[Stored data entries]
......

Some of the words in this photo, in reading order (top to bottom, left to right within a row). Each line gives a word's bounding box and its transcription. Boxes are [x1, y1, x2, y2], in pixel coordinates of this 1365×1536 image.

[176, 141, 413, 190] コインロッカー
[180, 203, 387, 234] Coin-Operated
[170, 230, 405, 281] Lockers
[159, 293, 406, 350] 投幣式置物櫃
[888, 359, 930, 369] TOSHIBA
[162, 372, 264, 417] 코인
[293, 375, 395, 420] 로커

......

*The problem:*
All of the records above are to be returned exactly as they stand.

*Solution for this problem:*
Some of the words in this photo, in reading order (top to bottom, left to right within a row). Each line gives a word's bounding box and its transcription. Boxes are [x1, y1, x2, y2], in pixel coordinates of this 1365×1536 image.

[176, 141, 413, 190] コインロッカー
[180, 203, 387, 234] Coin-Operated
[170, 230, 405, 281] Lockers
[159, 293, 406, 350] 投幣式置物櫃
[888, 359, 930, 369] TOSHIBA
[162, 372, 264, 417] 코인
[293, 375, 395, 420] 로커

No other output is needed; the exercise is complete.